Inside My Radio has taught me something very important for someone that says that they love rhythm games; I have horrible rhythm. Think you have rhythm just because you are good at guitar hero or DDR? Imagine playing those games without the shapes scrolling towards the ‘hit the button now’ bar. Still sounding too simple? Add in the fact that this is a platformer. Now we have added something a bit more unique to the mix.
So imagine a two dimensional platformer akin to Mario, Thomas Was Alone, or 100,000 indie games hitting the market lately. The controls are simple, smooth, responsive, but there’s a catch: you can only ground-pound, dash or jump on the beat. Why?

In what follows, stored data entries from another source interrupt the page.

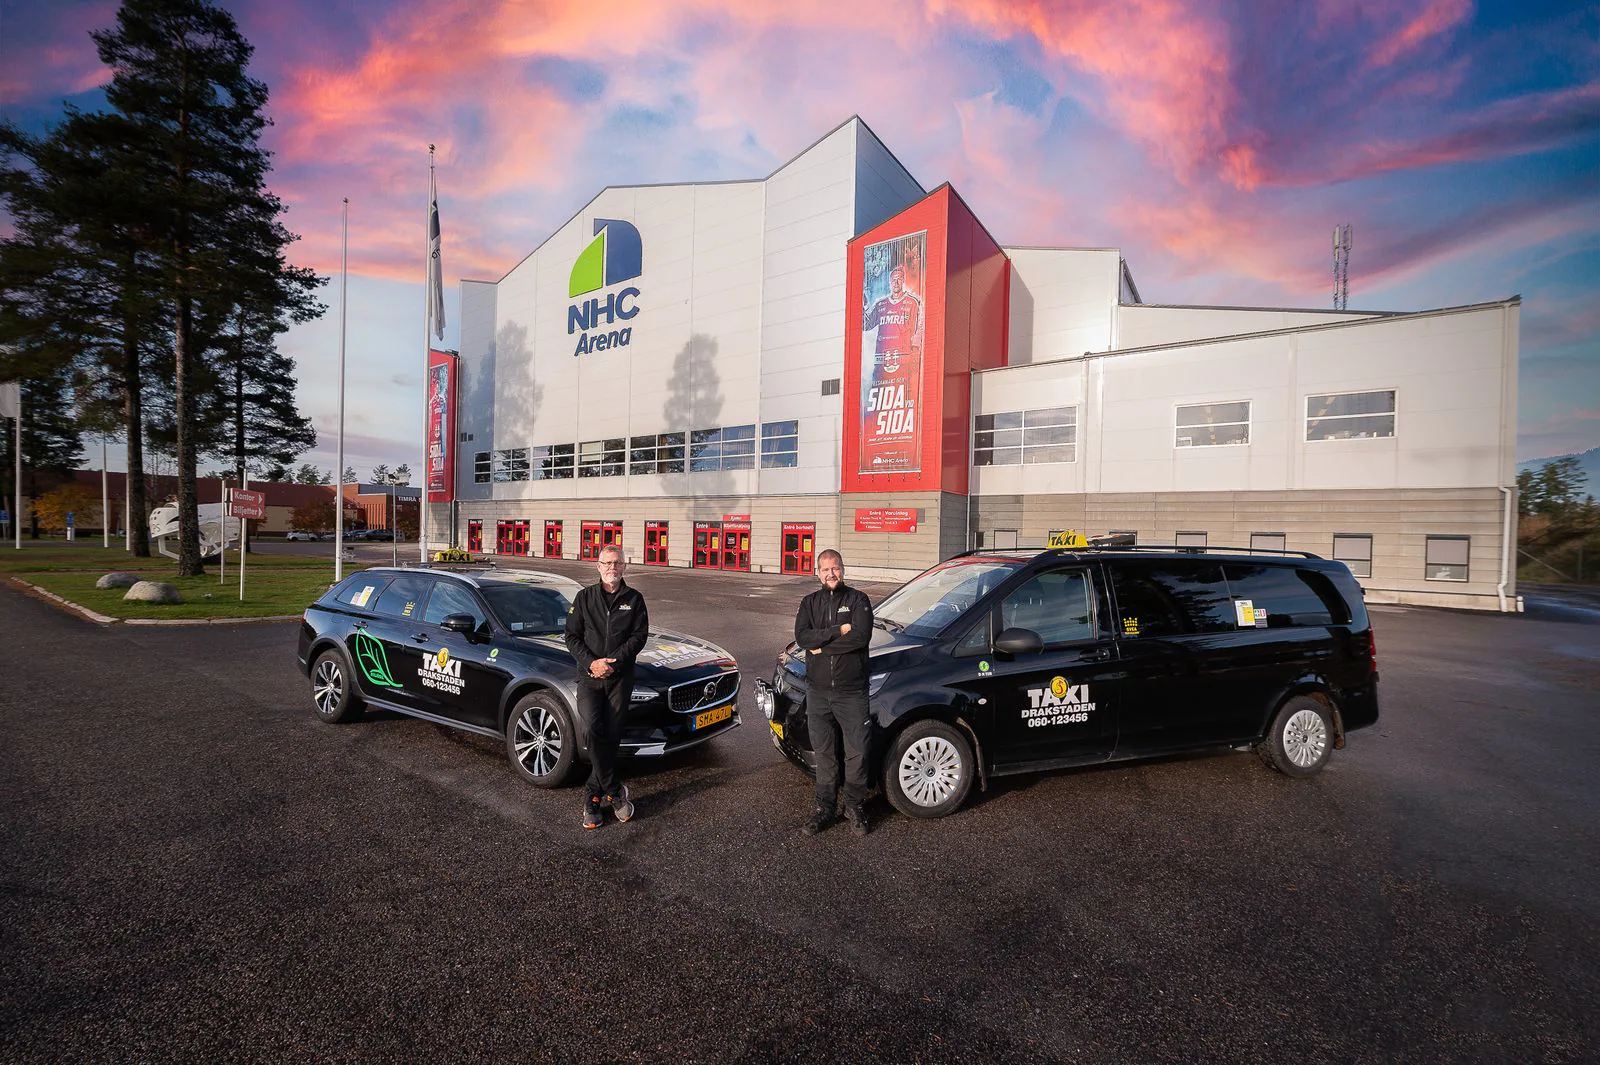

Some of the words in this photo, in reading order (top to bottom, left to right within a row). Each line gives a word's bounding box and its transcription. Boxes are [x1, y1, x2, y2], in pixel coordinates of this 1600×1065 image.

[567, 287, 641, 334] NHC
[574, 327, 632, 356] Arena
[867, 384, 905, 412] SIDA
[876, 409, 914, 435] SIDA
[234, 491, 255, 502] Kontor
[233, 505, 258, 516] Biljetter
[1051, 534, 1076, 546] TAXI
[422, 652, 462, 678] TAXI
[418, 668, 465, 687] DRAKSTADEN
[422, 678, 461, 695] 060-123456
[1027, 684, 1089, 708] TAXI
[1021, 702, 1096, 718] DRAKSTADEN
[1027, 713, 1088, 728] 060-123456

Because if you do it before or after the beat, your character will grimace horribly and do absolutely nothing at all. This makes timing absolutely crucial to success.

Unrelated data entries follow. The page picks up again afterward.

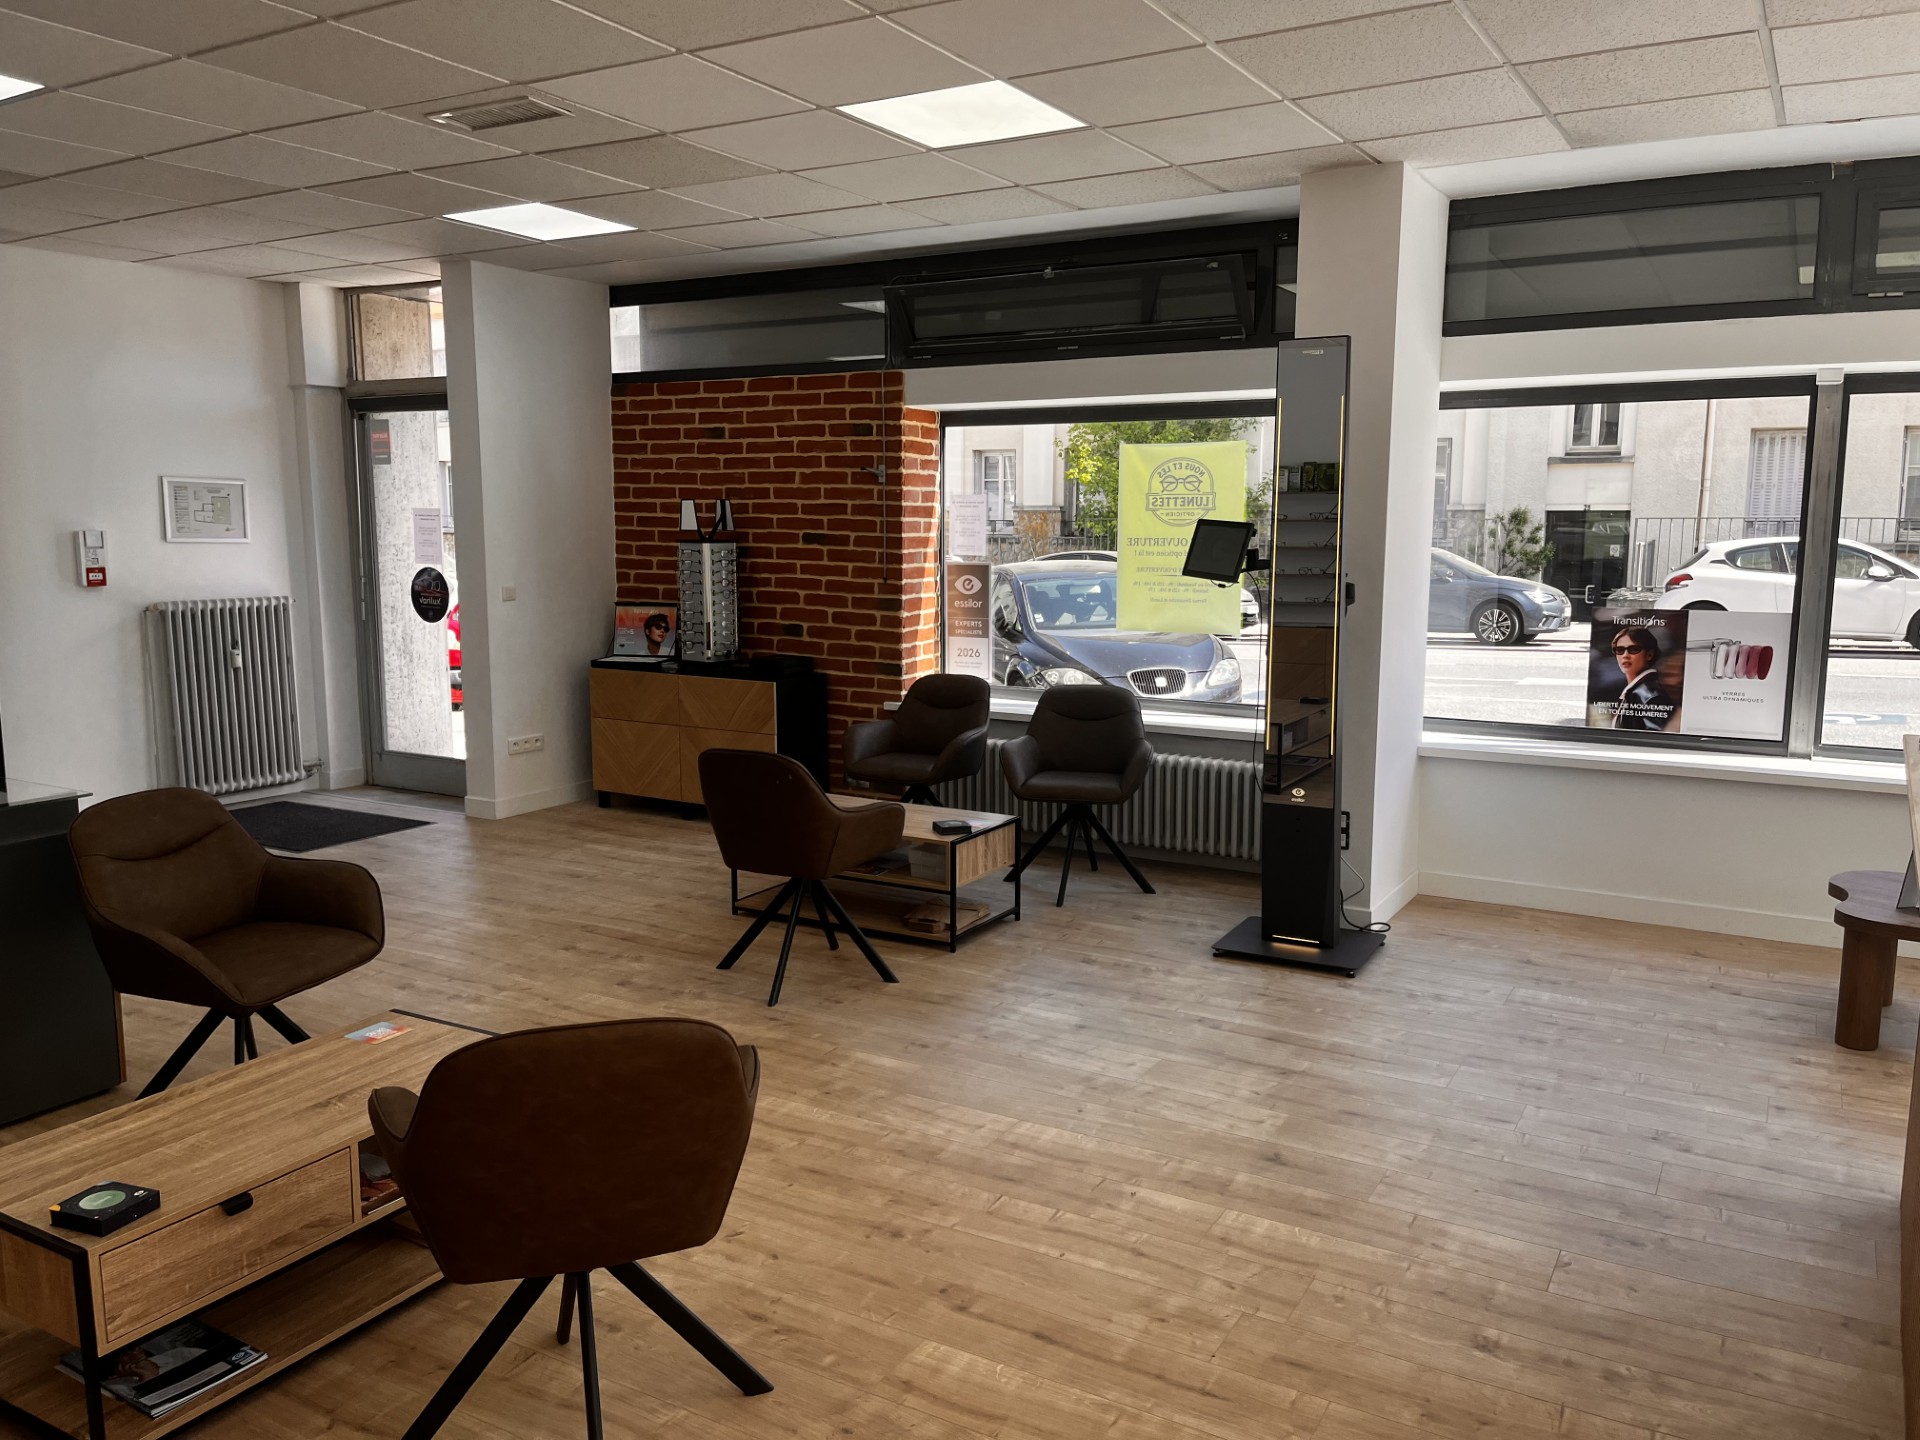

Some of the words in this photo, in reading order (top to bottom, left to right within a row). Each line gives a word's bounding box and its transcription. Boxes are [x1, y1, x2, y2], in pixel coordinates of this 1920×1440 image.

[954, 598, 983, 608] essilor
[955, 620, 983, 628] EXPERTS
[1612, 615, 1666, 629] Transitions
[957, 647, 981, 658] 2026
[1629, 703, 1674, 711] MOUVEMENT

While almost all platformers require a sense of timing, Inside My Radio definitely adds another dimension to it. If this mechanic sounds frustrating, that is because it certainly has the potential to be. Fear not, however – they have an a dummy-setting for people like myself who seem to be lacking the rhythm to succeed. What this does is allow two circles rotate around your character, and when they meet, it is an indicator that it is a beat.
The key selling point to this game is not the story, it’s not even really the responsive controls that were done just right, or the way that it adds new environment items for you to interact with at a steady pace, but instead, the music. Ranging from what sounded like 80’s funk to rock, touch of electronica, I enjoyed listening to this game more than I truly appreciated playing it. That is saying something, given that I thoroughly enjoyed the gameplay.
One of the other hooks meant to keep you interested are the puzzles built into Inside My Radio. Naturally these puzzles are built around mechanics related to the beat, only interacting with an item on specific beats, instead of simply every one. Changing hazards such as disappearing platforms are trained into your brain like one of Pavlov’s dogs, wherein you hear a specific sound byte and you know you need to jump by the end of it.
I ended up finishing this game after about three hours, and while there is a time-attack mode, you can go back and revisit various scenes and try to do better in them. I just call it, ‘jukebox mode’, where you load up time-attack mode and just let the music play in the background. It’s a fun title, a bit on the short side, and the story is bare-bones at best, but who plays rhythm games for the story anyhow? Certainly not me.
There is nothing here that is truly lacking, but there was still room for the game to grow and develop upon the mechanics that have been implemented. Inside My Radio provides plenty of action, but almost comes away feeling as though this could be the foundation of something more in future releases.